Hatta o kadar narin ruhluydu ki bazen ailesinin intikamını alamayacağı için korkuyordu. Kami rüyasındayken hissettiği gücü şuan hissedemiyordu. Tekrar uyumayı düşündü fakat bir kere uyandığında bir daha uyuyamama gibi lanet bir huyu vardı.
Zaten sabahta olmuş düşüncesi ile ayağa kalkıp sokakta gezmeye başladı. Ne zamandır yemek yemediğini düşündü bu yüzden yemek aramaya koyuldu. Sokakları arşınlarken bir kadın görmüştü. Kesinlikle zengin bir aileden olduğu görünüşünden ve duruşundan belli oluyordu çünkü çok asil ve nazik hareketler sergiliyordu.
Ama kadın yürürken cüzdanını düşürmüştü bunu gören Kami koşarak cüzdanı aldı. Şu an Kami’nin önünde iki tane seçenek vardı ya cüzdanı cebe atıp içindeki parayı yiyecekti ya da cüzdanı kadına verip gidecekti. İlk seçenek çok cazip gelmesine rağmen Kami cüzdanı kadına vermeyi seçti.
Kadının arkasından koşarken “Hanımefendi cüzdanınızı düşürdünüz lütfen durun.” Diye bağırmıştı. Birkaç bağırıştan sonra kadın küçük çocuğun sesini duyup arkasına dönmüştü. Kami kadına koşarak ilerliyordu kadının önüne geldiğinde ise elleri ile dizlerinden destek alıp biraz soluklandıktan sonra cüzdanı kadına verdi ve geri dönmek için hazırlandı.
Tam arkasını dönüp gidecekken kadın çocuğa seslendi. “Çocuk adın nedir?” “Kami Somnia hanımefendi.” Dedi ve ilerlemeye devam edecekken kadının onu omuzundan tutup çevirmesi ile durdu. “Kaç yaşındasın çocuğum?” “10 yaşımdayım hanımefendi.” “Peki nerede yaşıyorsun, ailen var mı?” “100 metre ilerideki ara sokakta bir kartonda yaşıyorum ve ailem ben küçükken öldürüldü.” Dedi sesindeki hüzne engel olamayarak.
Kadın dayanamayıp çocuğa sarıldı. Kimse bu çocuğa sokak çocuğu demezdi üzerindeki kıyafetlere bakmasalardı. Çünkü çocuğun düzgün bir konuşması, temiz ve bakımlı bir görünüşü vardı.

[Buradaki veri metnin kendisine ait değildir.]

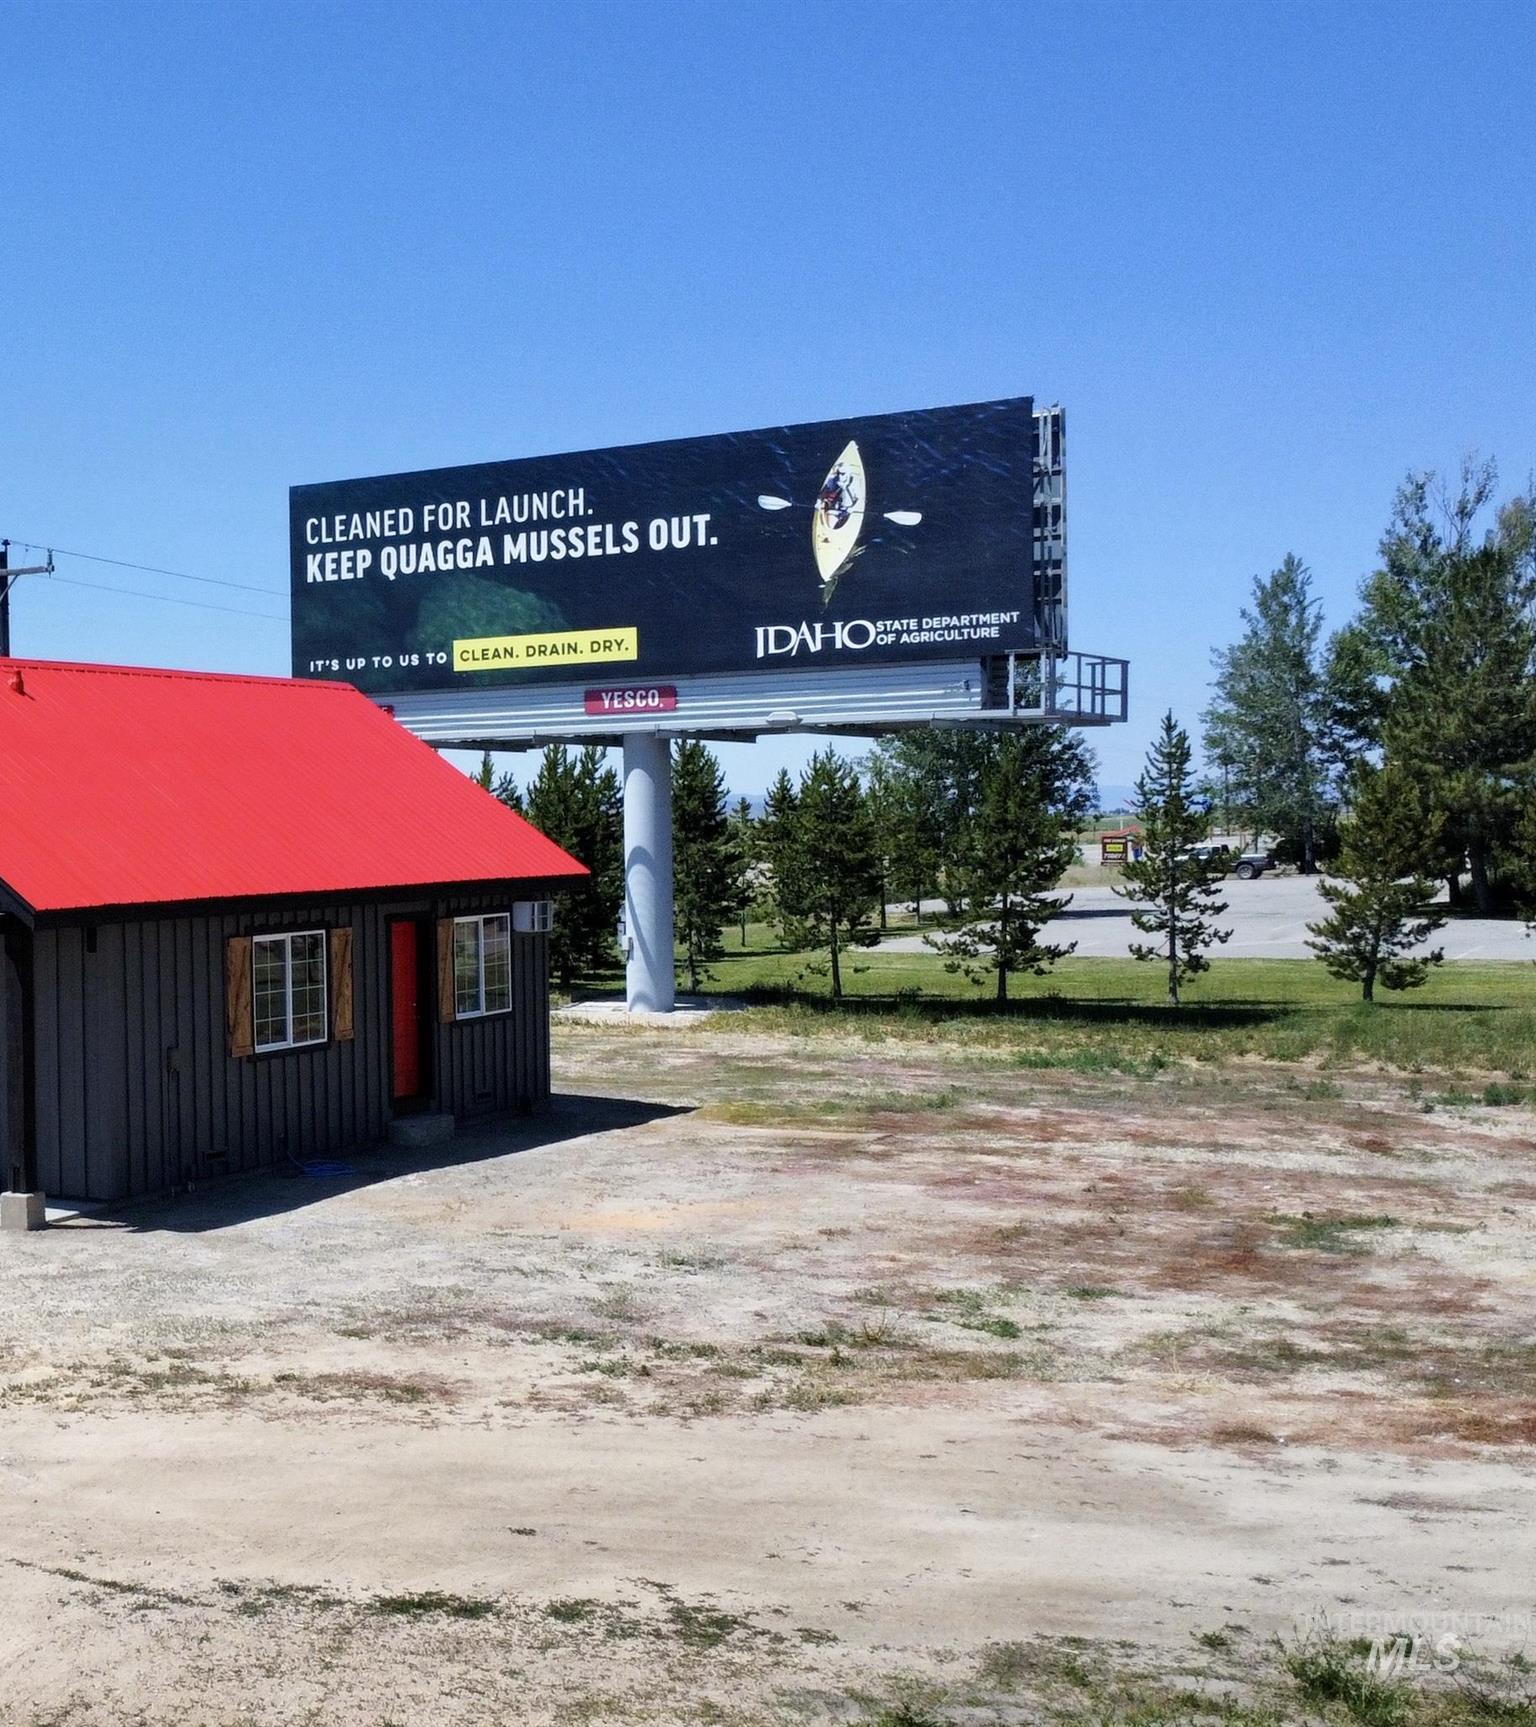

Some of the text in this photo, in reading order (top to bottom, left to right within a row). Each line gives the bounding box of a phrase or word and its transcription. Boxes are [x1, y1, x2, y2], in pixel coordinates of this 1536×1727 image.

“Karnın aç mı Kami?” diye sordu kadın çocuğa. Kami aç olmasına rağmen “Hayır aç değilim hanımefendi.” Diye cevap verdi. Fakat kadın çocuğun aç olduğunu anlamıştı ve çocuğun karnından gelen gurultularda aynı şeyi ima ediyordu. “Takip et beni senin karnını doyuralım sonrada kıyafetler alırız sana.” Dedi. Kami ilk başta mırın kırın etse de kadının ısrarlarına dayanamadı ve kadını takip etmeye başladı. Kadın imparatorun karısıydı ve kimse bunu bilmiyordu.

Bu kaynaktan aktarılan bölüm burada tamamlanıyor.